Paxton’s lawsuit represents a new front in the battle of abortion rights. New York has enacted a shield law which is supposed to protect medical providers from lawsuits and investigations from other states. The doctor who Paxton is targeting is part of the Abortion Coalition for Telemedicine, an organization that connects doctors from shield states to patients all over the country.
Paxton’s lawsuit was filed in Collin County in North Texas. According to the lawsuit, a 20-year-old woman there received abortion pills through the telemedicine organization unbeknownst to the biological father of the fetus.
The case has a similar nature to a civil lawsuit for wrongful death filed on behalf of a man who was suing three friends of his ex-wife who he alleged help her obtain abortion pills. In both instances the spouse or partner of a woman was the person who instigated an investigation. The civil lawsuit, which was filed by anti-abortion attorney Jonathan Mitchell, was dropped last year.
Since Senate Bill 8 went into effect in September 2021, Texas has been under a near-total abortion ban.

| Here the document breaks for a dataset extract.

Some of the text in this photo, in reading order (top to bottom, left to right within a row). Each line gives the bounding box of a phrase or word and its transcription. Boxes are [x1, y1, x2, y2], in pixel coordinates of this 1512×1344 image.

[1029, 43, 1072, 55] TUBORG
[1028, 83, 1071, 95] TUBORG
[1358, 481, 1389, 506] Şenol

Still, for many lawmakers in the state that isn’t enough. Paxton’s lawsuit has the potential to dramatically curtail abortion through telemedicine, which many patients in banned states have come to rely on.

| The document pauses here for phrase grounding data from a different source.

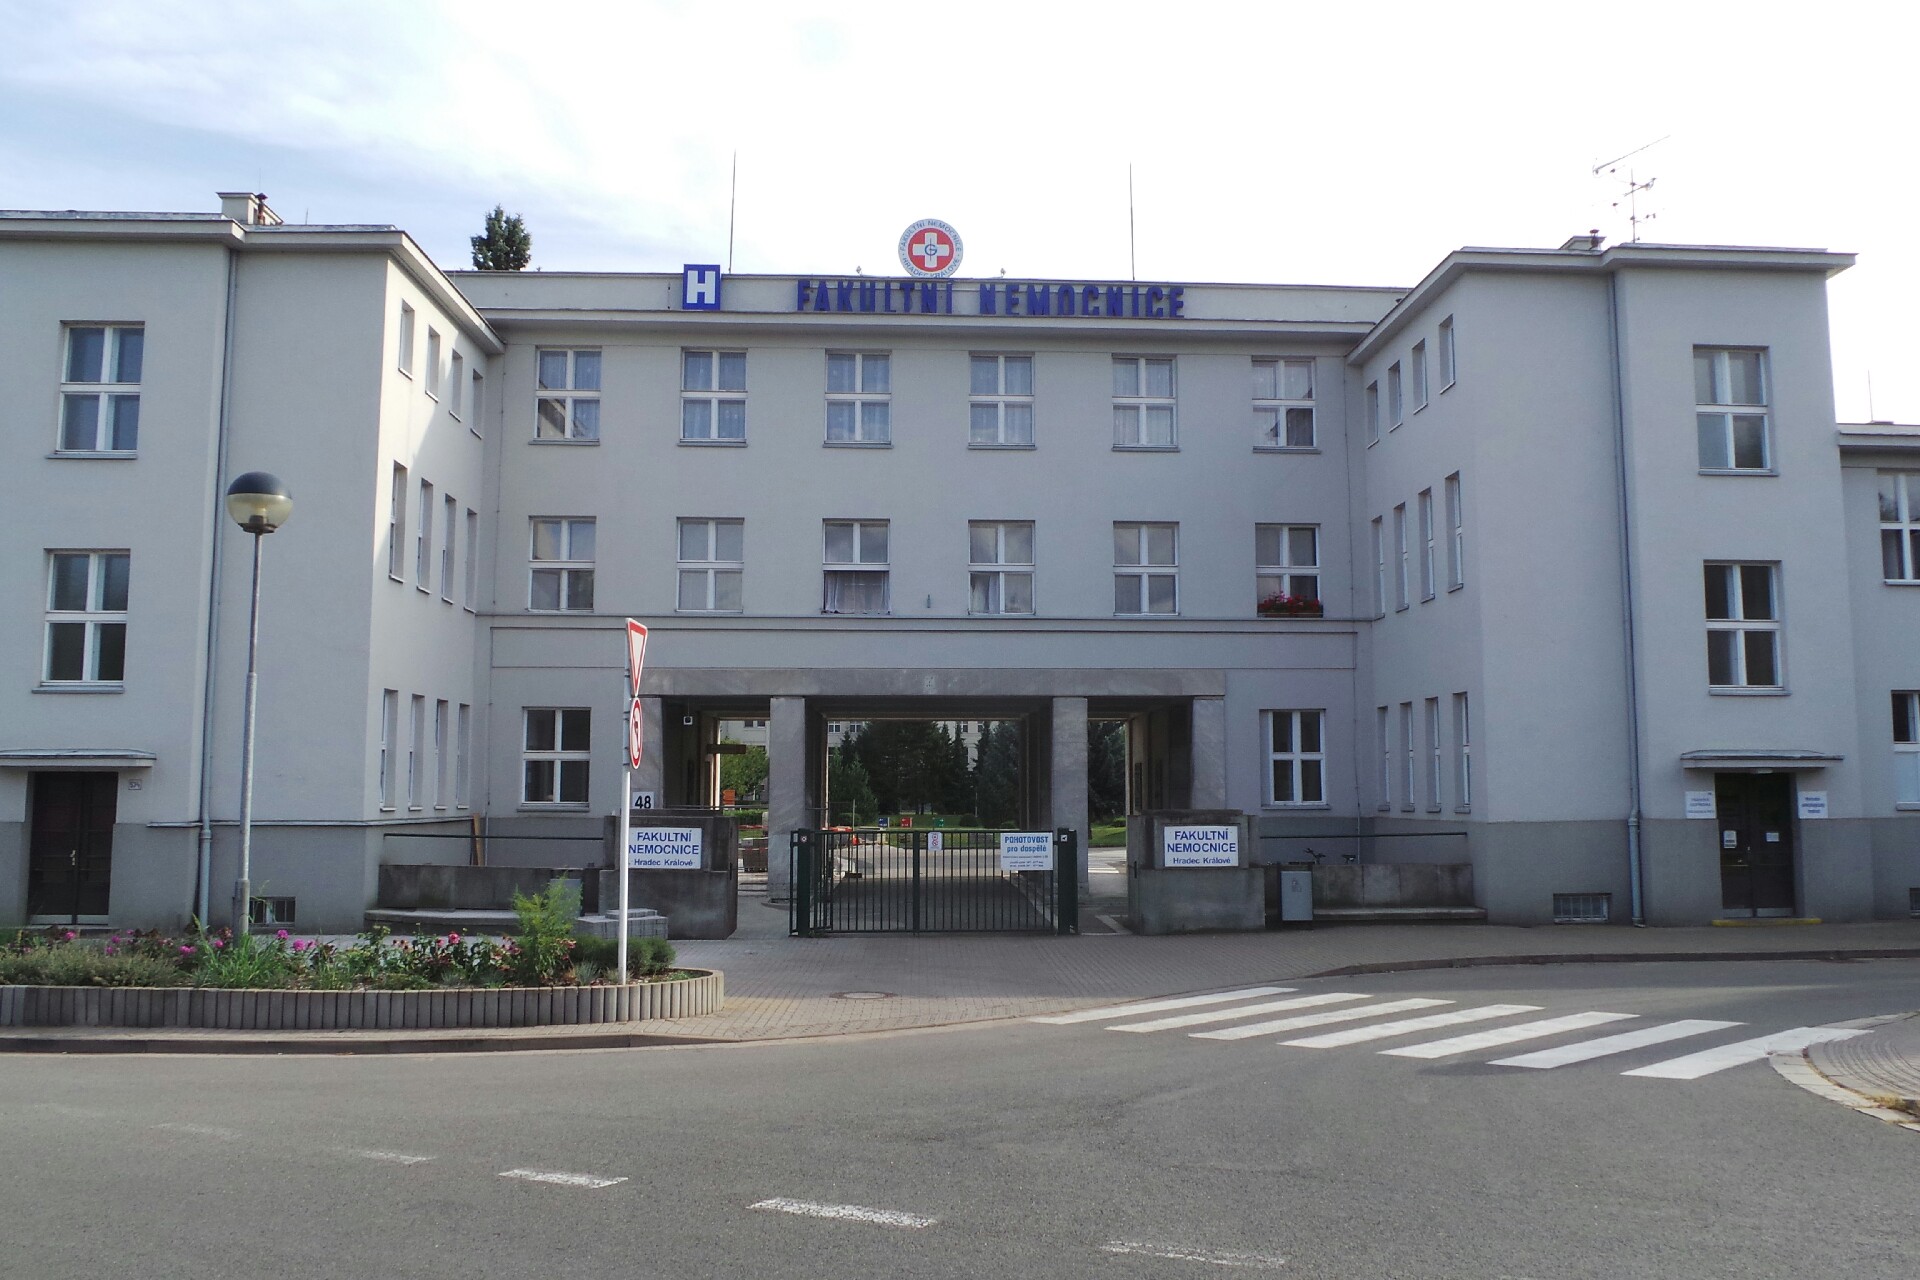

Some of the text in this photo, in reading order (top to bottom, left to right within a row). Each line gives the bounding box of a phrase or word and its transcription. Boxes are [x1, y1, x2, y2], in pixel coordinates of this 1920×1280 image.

[928, 220, 962, 252] NEMOCNICE
[687, 270, 717, 305] H
[979, 283, 1185, 319] NEMOCNICE
[634, 795, 652, 809] 48
[636, 830, 692, 842] FAKULTNÍ
[1174, 828, 1229, 840] FAKULTNÍ
[628, 844, 700, 855] NEMOCNICE
[1020, 845, 1046, 853] dospělé
[1167, 842, 1237, 853] NEMOCNICE
[1172, 856, 1231, 865] Hradec Králové

Paxton’s latest legal efforts also arrived just weeks before a new Trump administration. Many Republicans are hoping that potential Health and Human Services Secretary Robert F. Kennedy Jr. will work to reverse FDA approval of mifepristone, one of the two drugs administered for a medication abortion. That was also a major component in the Project 2025’s chapter on Health and Human Services.